Lenders’ interest rate cut to enable FCI to save Rs 750 crore annually

The rate of interest for FCI for the CCL has been fixed at an average of one month of marginal cost of funds-based lending rate (MCLR) of the top five banks in the Food Credit Consortium as on the last day of the previous month.

In a move which would reduce the government’s food subsidy expenses, a consortium of banks has agreed to lower the interest rate on the cash credit limit (CCL) provided to the Food Corporation of India (FCI) for meeting its working capital requirement.  

Sources told FE that a meeting held last week by the Food Credit Consortium Committee of 54 banks headed by State Bank of India, agreed to cut annual interest rate on the CCL availed by FCI from 7.71 % to 6.68%, after series of negotiations.

The rate of interest for FCI for the CCL has been fixed at an average of one month of marginal cost of funds-based lending rate (MCLR) of the top five banks in the Food Credit Consortium as on the last day of the previous month.

Sources said that the reduction in interest rate on CCL, applicable from January 1, 2022, would help reduce FCI’s expenses by `750 crore annually.
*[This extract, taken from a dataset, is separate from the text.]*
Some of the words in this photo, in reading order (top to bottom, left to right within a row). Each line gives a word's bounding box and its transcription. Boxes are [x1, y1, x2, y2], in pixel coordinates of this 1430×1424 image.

FCI gets the CCL against the grain stocks held and it is currently stands at `9,495 crore.

Meanwhile, the government has decided to infuse equity worth Rs 1,900 crore to FCI in 2022-23. This infusion of equity will take the government’s equity in FCI to Rs 9936 crore. “Increase in equity would reduce the overall borrowing and interest savings of Rs 130 crore per annum,” a food ministry official said.

The expenditure towards food subsidy has been on the rise due to annual rise in minimum support price (MSP) for paddy and wheat and ‘open-ended’ purchase operations leading to excess grains stocks held by FCI.
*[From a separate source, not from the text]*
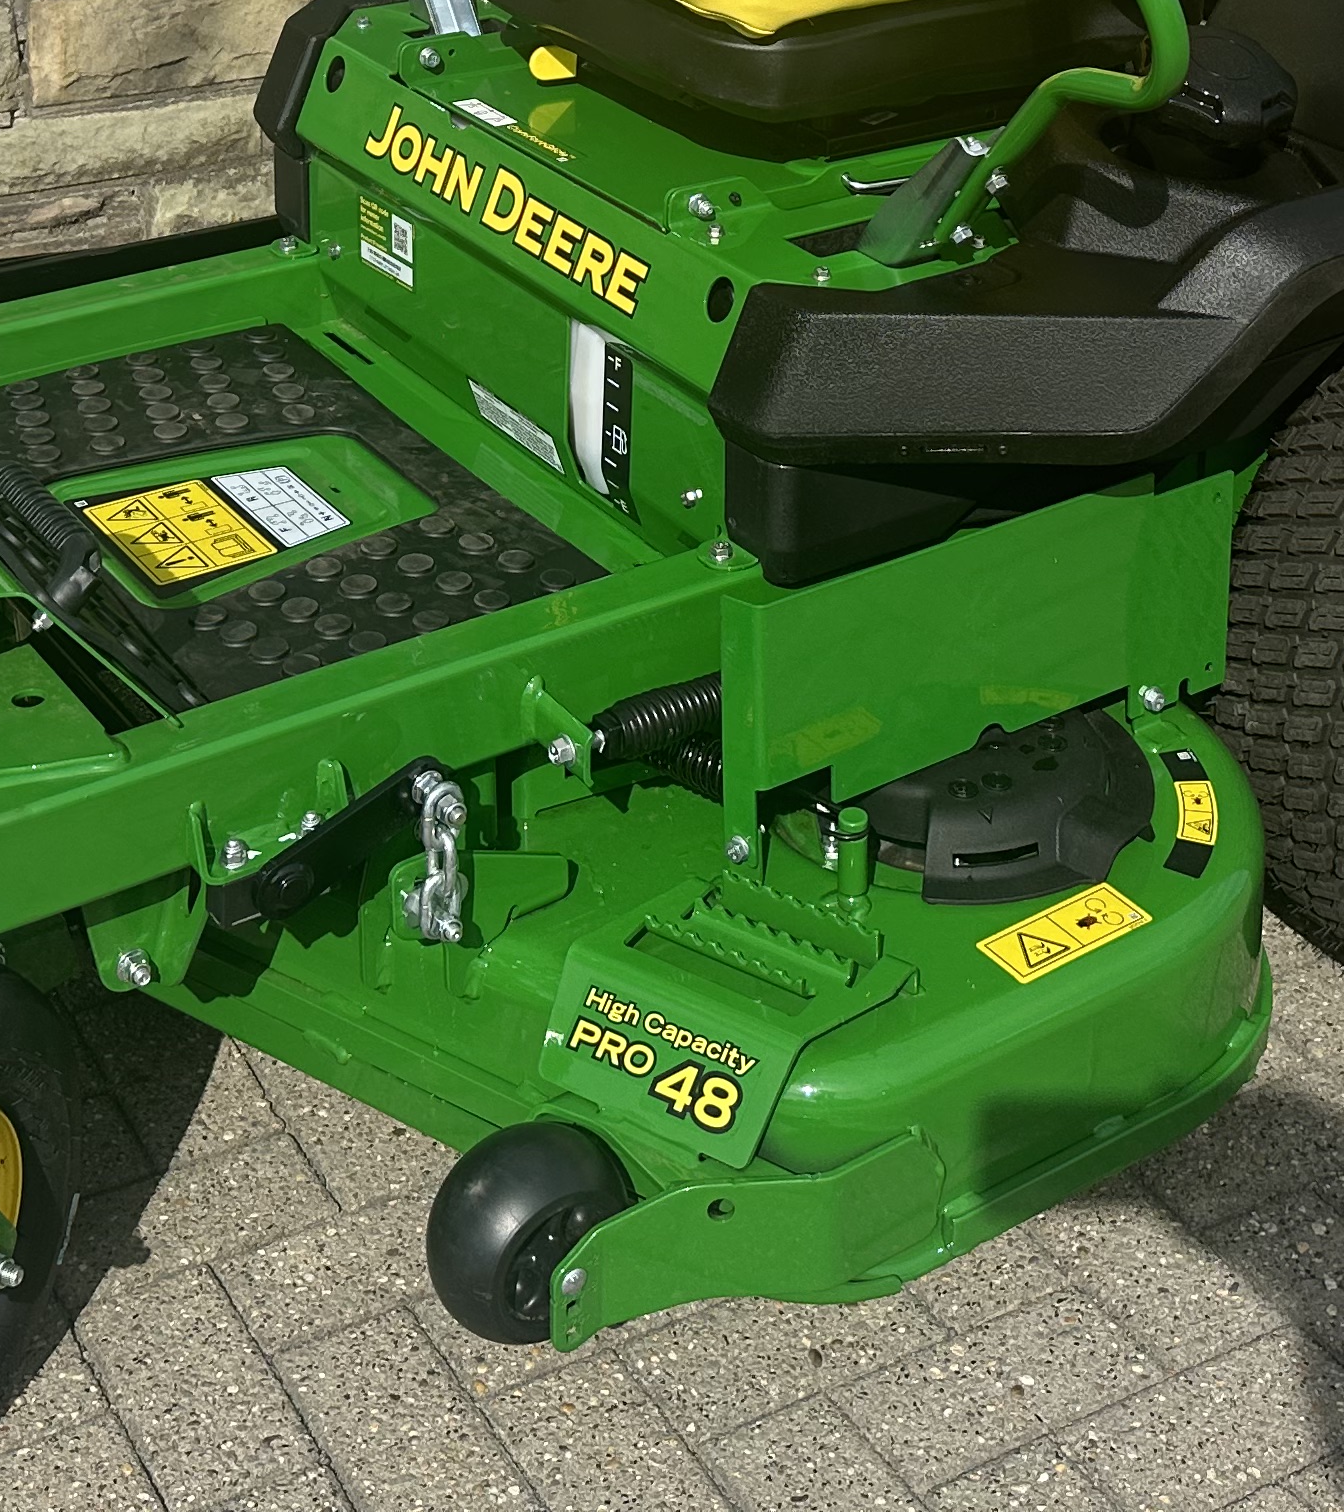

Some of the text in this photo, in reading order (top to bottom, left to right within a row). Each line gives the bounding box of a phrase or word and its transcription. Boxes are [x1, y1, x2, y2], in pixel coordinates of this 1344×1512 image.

[363, 104, 650, 316] JOHN DEERE
[614, 356, 622, 371] F
[568, 1018, 739, 1129] PRO 48
[584, 986, 757, 1076] High Capacity
The central issue price of Rs 3, Rs 2, Rs 1 for a kg of rice, wheat and coarse grains under the National Food Security Act has not been revised since 2013. On the other hand, FCI’S economic cost (MSP to farmers, storage, transportation and other costs) of rice and wheat for 2021-22 is Rs 35.97 and Rs 24.99 per kg, respectively.

The Union Budget (2022-23) has made around 28% less provision for food subsidy allocation of Rs 2.06 lakh crore against the revised estimates of Rs 2.86 lakh crore in 2021-22.
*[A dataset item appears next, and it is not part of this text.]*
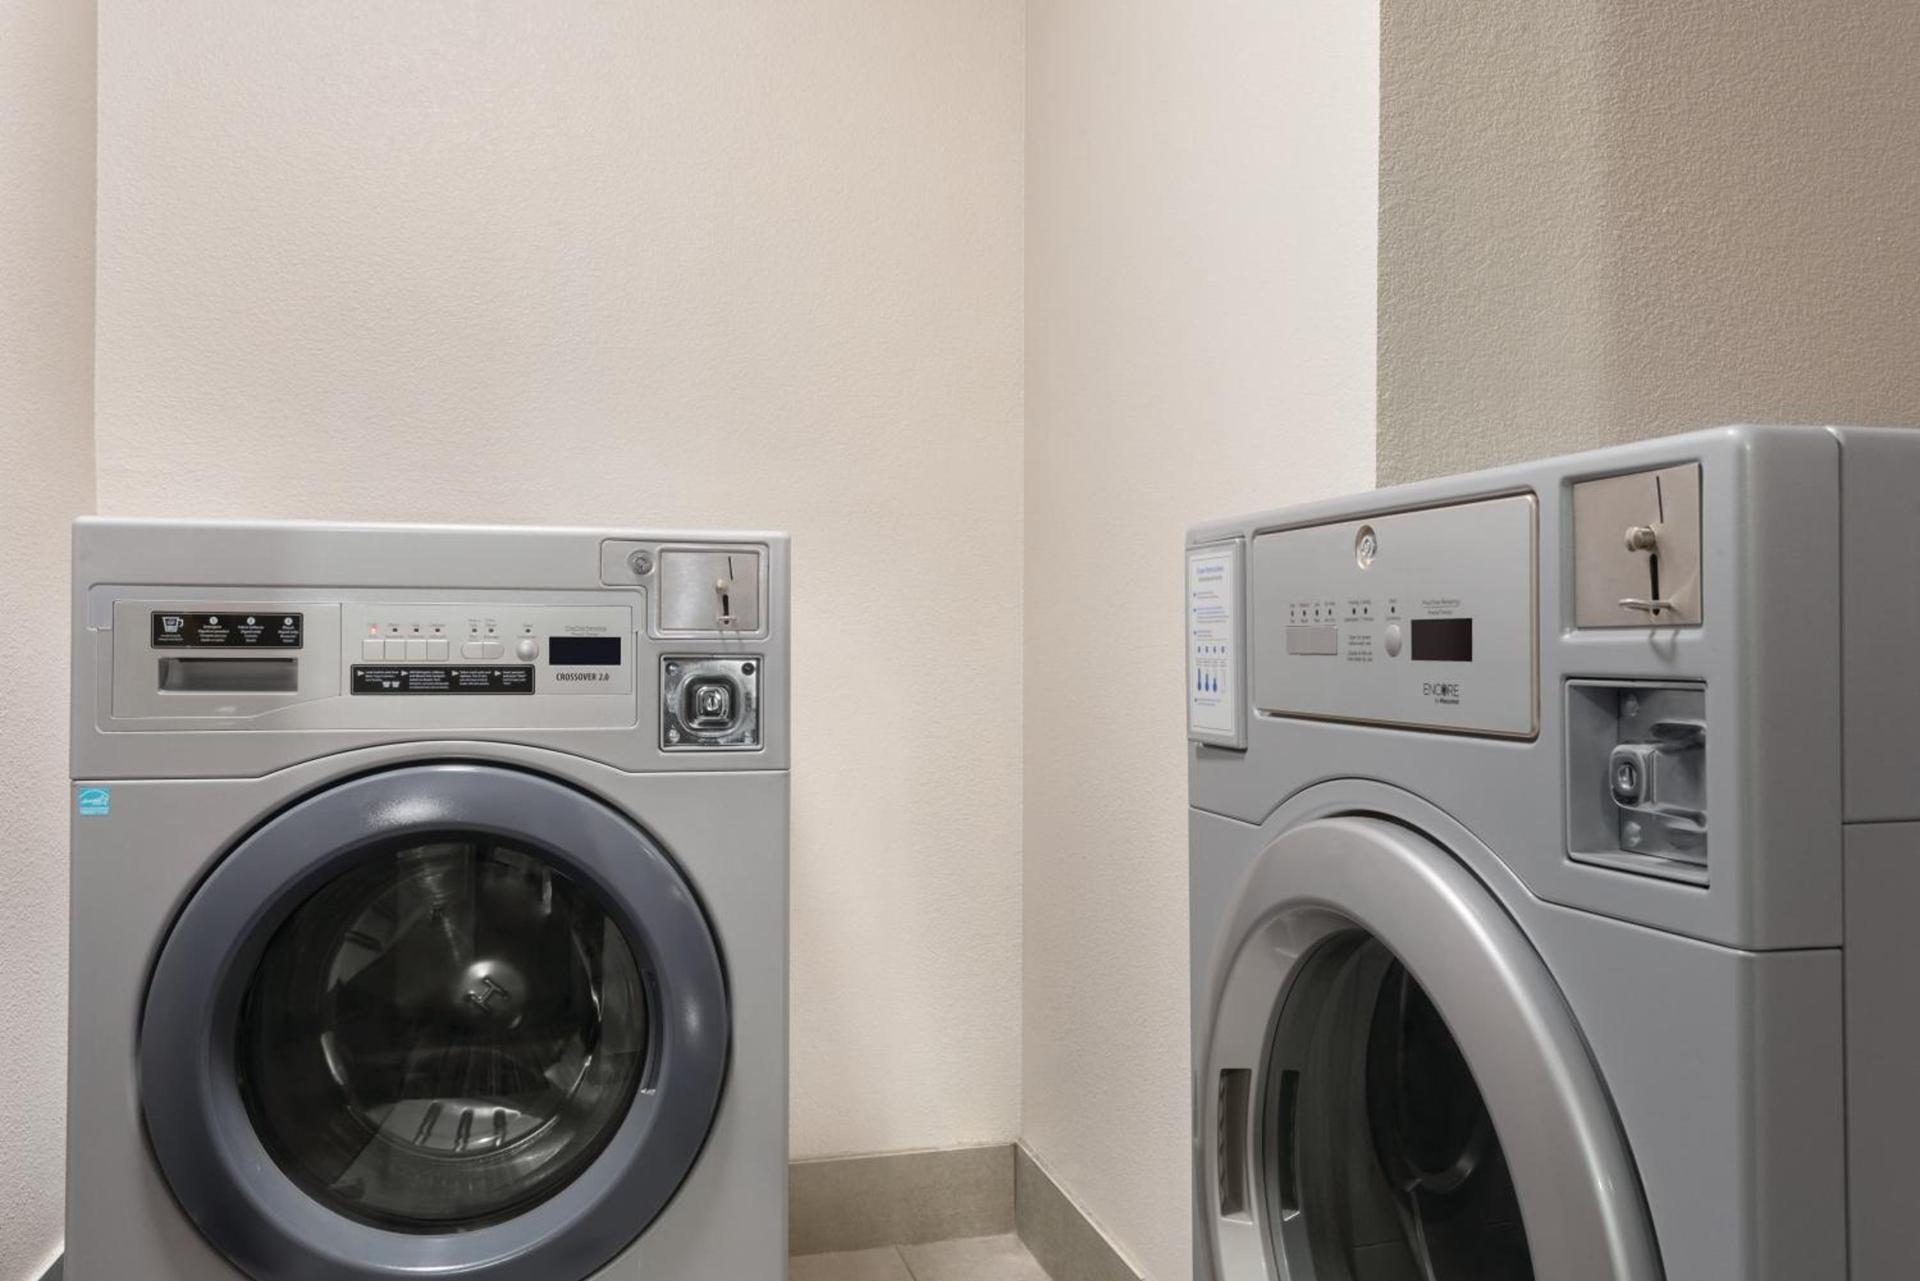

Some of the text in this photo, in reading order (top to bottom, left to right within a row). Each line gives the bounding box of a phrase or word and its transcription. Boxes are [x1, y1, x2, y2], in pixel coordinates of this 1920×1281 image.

[556, 672, 610, 681] CROSSOVER 2.0
[1423, 682, 1460, 697] ENCORE
Lesser provisioning of food subsidy is because of additional expenses incurred because of implementation of Pradhan Mantri Garib Kalyan Anna Yojana till March 31 2022.FCI is the central agency that manages procurement, storage and transportation of rice and wheat to states for distribution, mainly for the NFSA and other welfare schemes.

More than 800 million people get highly subsidised 5-kg foodgrains per head per month under the NFSA. This includes around 2.5 crore Antyodaya Anna Yojana households, which constitute the poorest of the poor. They are entitled to 35 kg per household per month at subsidised prices.